During this time, Hollywood began to realize that more avenues for advertising existed than just the trailer. And certain blockbusters became truly OMNIPRESENT in society. The internet compounded this, allowing movies to dominate the lives of viewers every time they surfed the web. And if you were anticipating the films already, this was great. Every day your hype was compounded.

But if you didn’t like the movie? You were screwed. Pieces of content became inescapable, especially with the increase of targeted ads. For two straight months, I’ve seen Inside Out 2 everywhere I’ve looked. And, as great as the movie looks, I’ve begun to get annoyed. I feel like content is being shoved down my throat. And for people on the fence about a piece of content in 2024, that begins to breed resentment rather than foster curiosity. If I sat down and watched a 4 minute trailer for Inside Out 2, I wouldn’t want to see a speck more content than I’ve already seen. Between all the different ad packages, I’ve probably watched around 25 solid minutes of footage.

How Do We Fix It?

How do we bridge the gap between modern society’s disillusionment with the movie trailer, and the art form itself? Perhaps the answer lies in the original ethos behind the movie trailer: the promise of fulfillment after the consumption of a product. With society’s overreliance on advertising plot and characters, perhaps the marquee trailer itself should return to its old-school roots. Tap into fan ethos, acknowledge that fans will get what they want.

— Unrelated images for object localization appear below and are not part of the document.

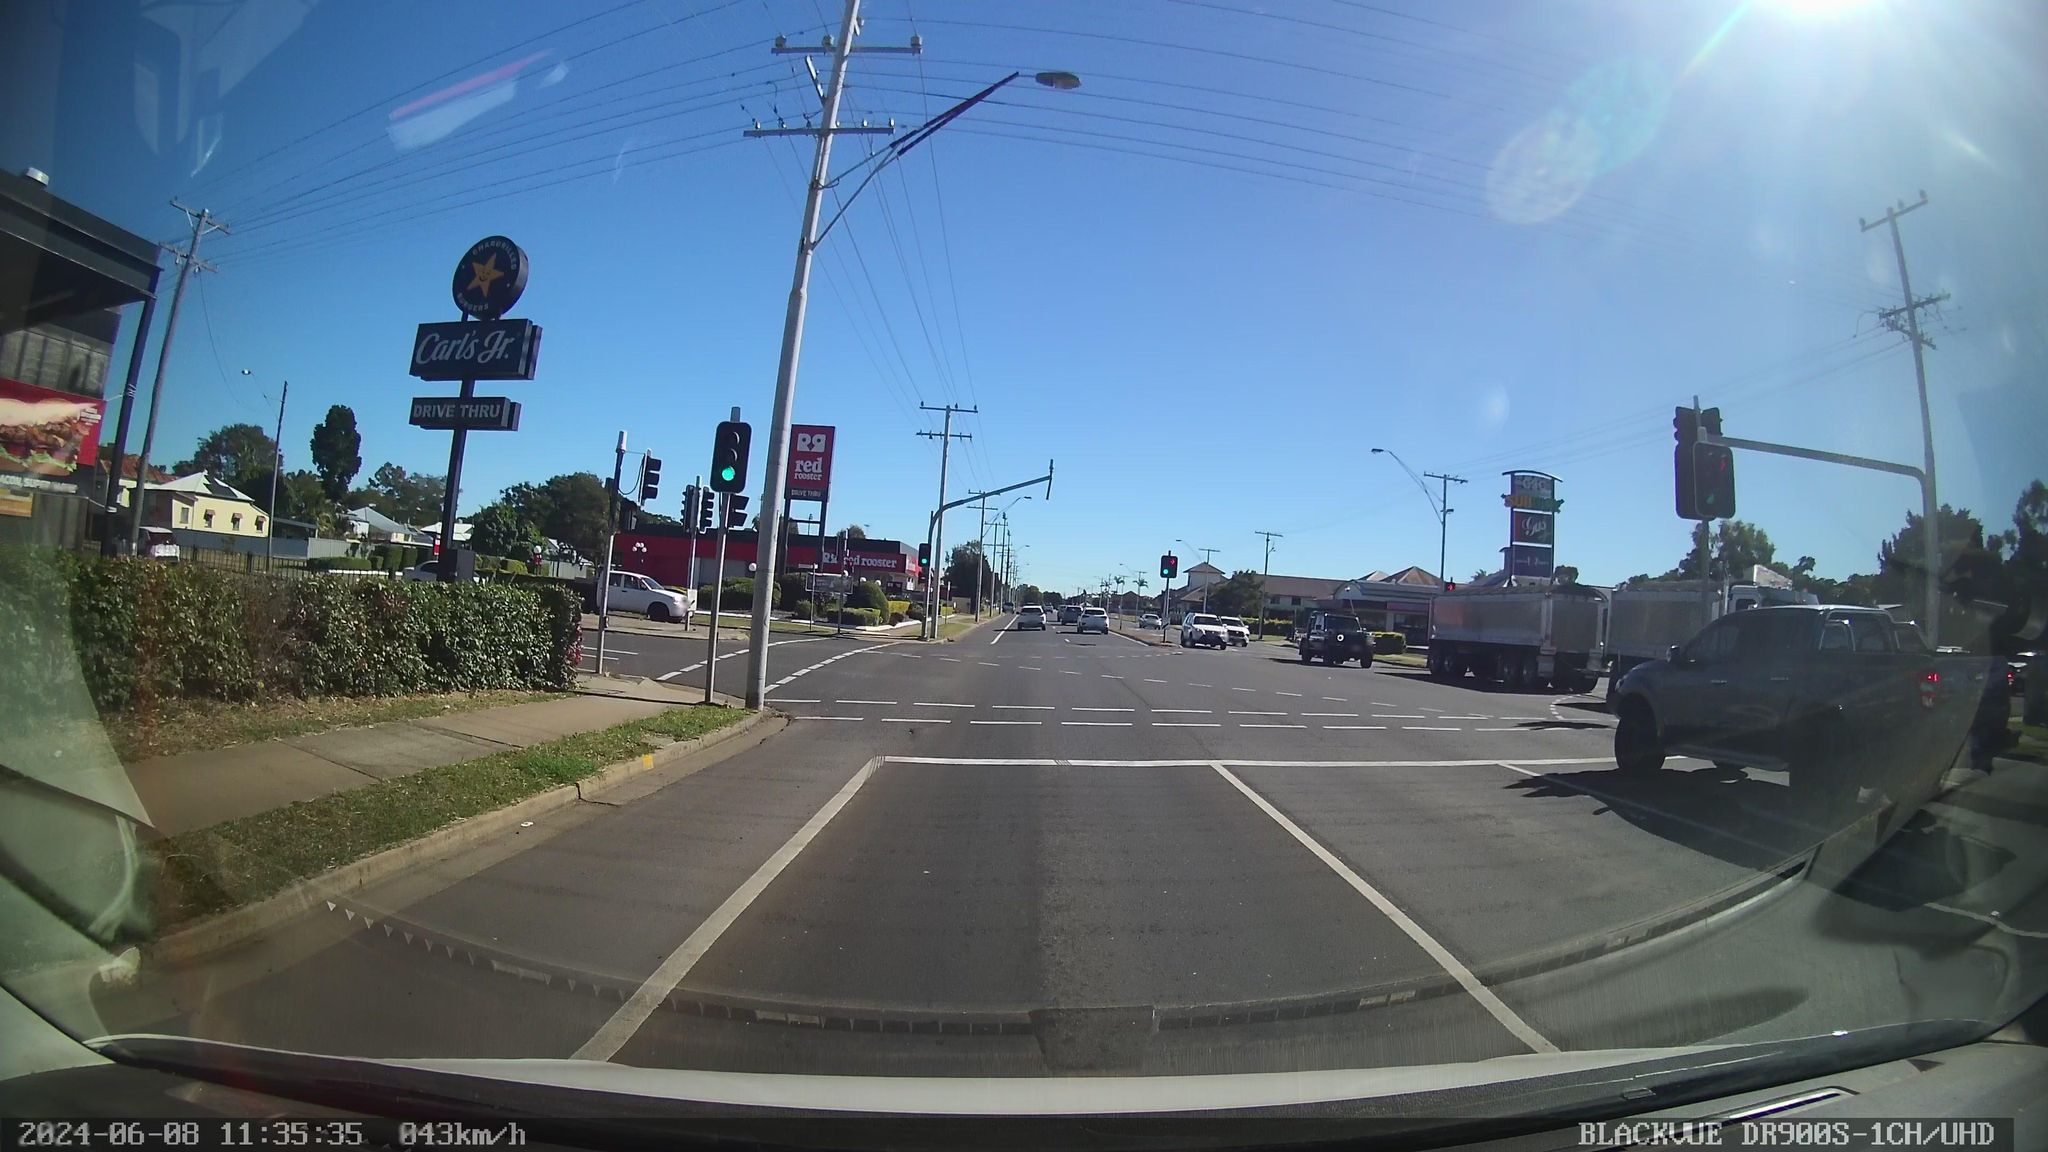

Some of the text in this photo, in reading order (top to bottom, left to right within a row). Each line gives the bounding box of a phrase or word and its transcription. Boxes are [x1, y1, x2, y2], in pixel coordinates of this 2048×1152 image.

[416, 330, 515, 365] Carl's Jr.
[413, 404, 501, 418] DRIVE THRU
[794, 457, 823, 473] red
[794, 472, 823, 481] rooster
[861, 557, 897, 568] rooster

We’ve seen this mentality in action. Sonic The Hedgehog, for example. One of the most symbiotic relationships between a Hollywood product and its intended audience. Following the drastic redesign of Sonic, the new trailer won plaudits for recreating several infamous screenshots with its much more audience-approved design.

SONIC THE HEDGEHOG (2020)
Sonic The Hedgehog (2020) -source: Paramount Pictures

And the intent was clear: “We listened to you. This is a film you will enjoy. This is a film that respects its audience, and is devoted to the source material,”. No one was talking about the trailer’s inclusion of Longclaw the Owl, they were applauding the intent behind a Sonic The Hedgehog film being made.

A trailer was always meant to achieve the same purpose. But perhaps by focusing less on the aesthetic choices of the product, and instead connecting the product to society at large, the trailer can once again stand at the top of the advertising mountain where it belongs.